─── Provided entries ───

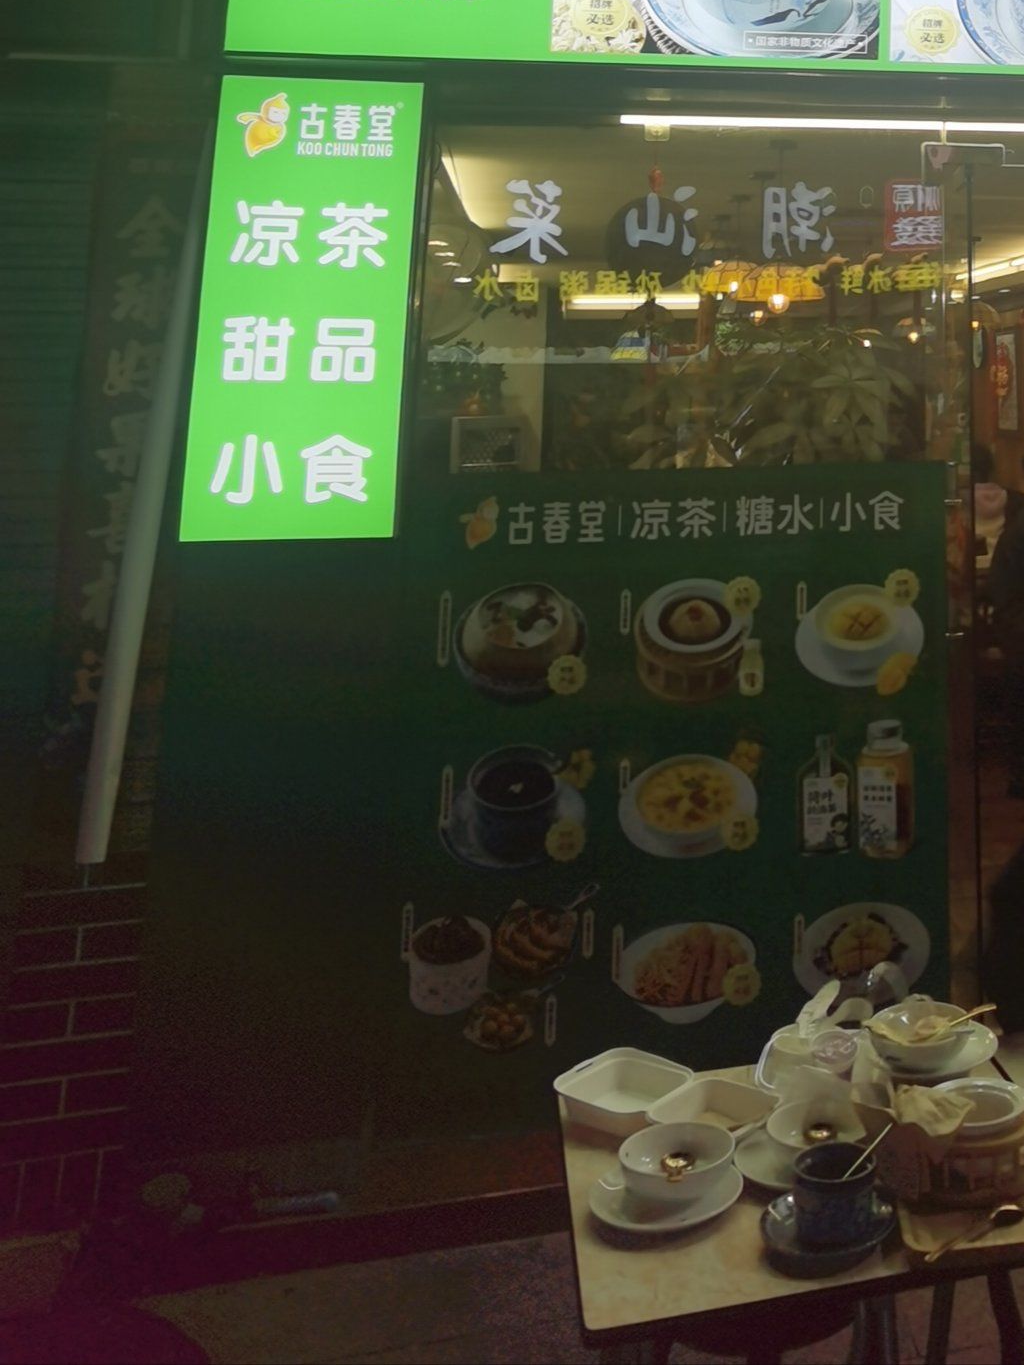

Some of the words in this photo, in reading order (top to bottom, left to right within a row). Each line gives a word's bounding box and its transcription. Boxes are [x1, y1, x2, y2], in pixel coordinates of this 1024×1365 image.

[591, 0, 612, 10] 招牌
[587, 13, 614, 25] 必选
[756, 36, 856, 50] 国家非物质文化遗产
[921, 32, 944, 44] 必选
[301, 103, 395, 140] 古春堂
[297, 141, 322, 156] KOO
[325, 142, 358, 157] CHUN
[361, 142, 393, 157] TONG
[230, 200, 389, 268] 凉茶
[223, 316, 375, 382] 甜品
[211, 434, 372, 504] 小食
[508, 501, 606, 545] 古春堂
[630, 498, 716, 540] 凉茶
[736, 495, 813, 536] 糖水
[831, 491, 905, 532] 小食

───

Except for the pictures, print the data above exactly.

Some of the words in this photo, in reading order (top to bottom, left to right within a row). Each line gives a word's bounding box and its transcription. Boxes are [x1, y1, x2, y2], in pixel coordinates of this 1024×1365 image.

[591, 0, 612, 10] 招牌
[587, 13, 614, 25] 必选
[756, 36, 856, 50] 国家非物质文化遗产
[921, 32, 944, 44] 必选
[301, 103, 395, 140] 古春堂
[297, 141, 322, 156] KOO
[325, 142, 358, 157] CHUN
[361, 142, 393, 157] TONG
[230, 200, 389, 268] 凉茶
[223, 316, 375, 382] 甜品
[211, 434, 372, 504] 小食
[508, 501, 606, 545] 古春堂
[630, 498, 716, 540] 凉茶
[736, 495, 813, 536] 糖水
[831, 491, 905, 532] 小食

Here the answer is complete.